Sirtuins in the mitochondria
Mitochondria are essential cellular organelles that coordinate various metabolic processes. Mitochondrial dysfunction, including altered mitochondrial biogenesis, the imbalance between fusion and division processes, oxidative stress, cytochrome c, mitochondrial DNA release, defective mitochondrial autophagy, and energy metabolism, is crucial for the pathogenesis of various renal diseases [83]. Nuclear sirtuins mainly regulate chromatin, whereas mitochondrial sirtuins mainly regulate mitochondrial proteins.
Sirt3
Sirt3 directly deacetylates and activates superoxide dismutase 2 (SOD2), promoting the transcription of SOD2 and peroxisomes [84]. Sirt3 also induces FOXO3a and peroxisome proliferator-activated receptor-gamma coactivator 1-alpha (PGC-1ɑ) upregulation, restoring MnSOD activity and levels [85]. It also mediates Foxo3a deacetylation and nuclear localisation, which in turn leads to the activation of Foxo3a-dependent peroxidase expression; reduces Ang II-induced renal fibrosis, endothelial-to-mesenchymal transition (EndoMT), and oxidative stress; and maintains renal endothelial homeostasis [86].

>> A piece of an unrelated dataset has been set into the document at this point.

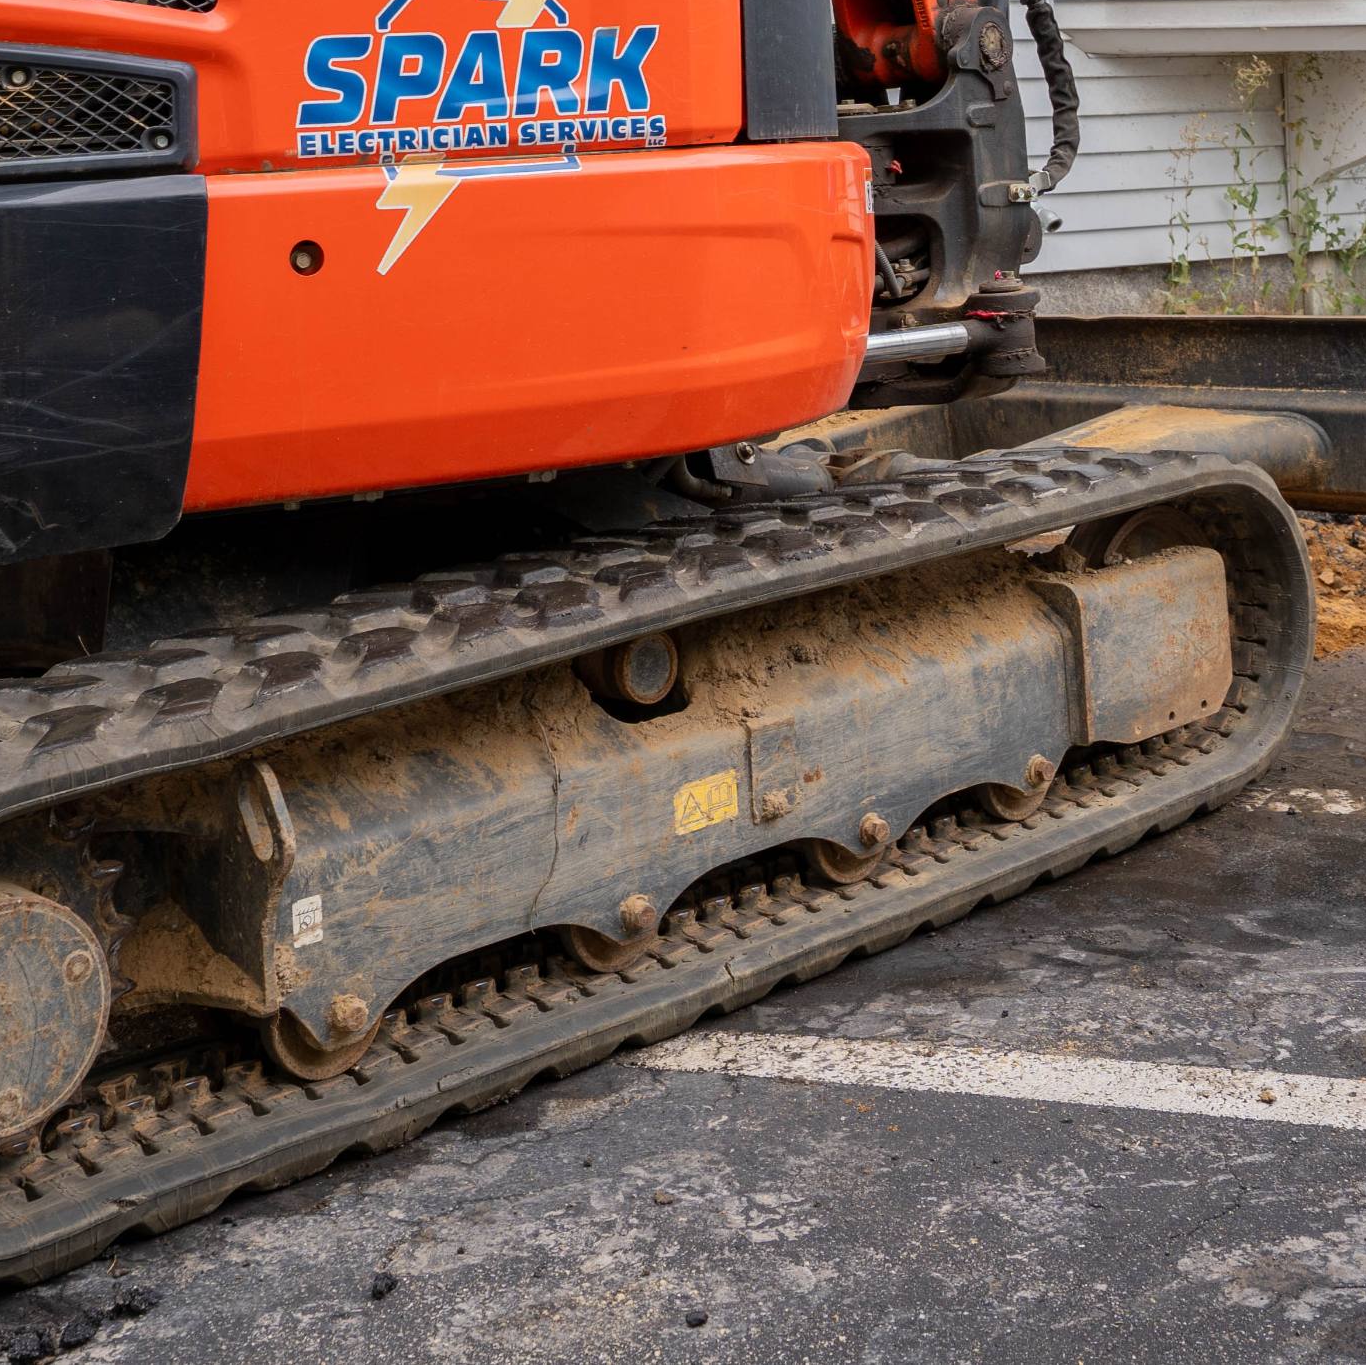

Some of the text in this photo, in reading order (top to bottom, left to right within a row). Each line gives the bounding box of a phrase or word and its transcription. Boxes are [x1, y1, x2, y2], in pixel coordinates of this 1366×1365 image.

Oxidative stress is an important factors in calcium oxalate-induced kidney stone formation. Sirt3 reduces crystal deposition in the kidneys of stone model mice by regulating the Nrf2/HO-1 signalling pathway [87]. Sirt3 inhibits renal calcium oxalate crystal formation by promoting macrophage M2 polarisation via the deacetylation of FOXO1 [88]. Acetylation is an essential posttranslational modification of mitochondrial metabolism components. In the early stages of renal fibrosis, decreased Sirt3 expression is accompanied by increased mitochondrial acetylation, and Sirt3 knockout mice are prone to mitochondrial protein hyperacetylation, and severe renal fibrosis. Deacetylation of mitochondrial proteins by Sirt3 is closely associated with the remission of renal fibrosis [15]. For example, SIRT3-mediated deacetylation of OPA1 alleviates mitochondrial dysfunction in AKI mice [89]. FAO dysfunction is a crucial factor in the development of renal fibrosis. AKI mice exhibit significant FAO and lipid deposition, accompanied by high ROS production. Furthermore, deletion of Sirt3 exacerbated FAO dysfunction and kidney injury in AKI mice. Additional mechanistic studies revealed that Sirt3 may regulate FAO, repair, and delay renal injury by activating AMPK [90].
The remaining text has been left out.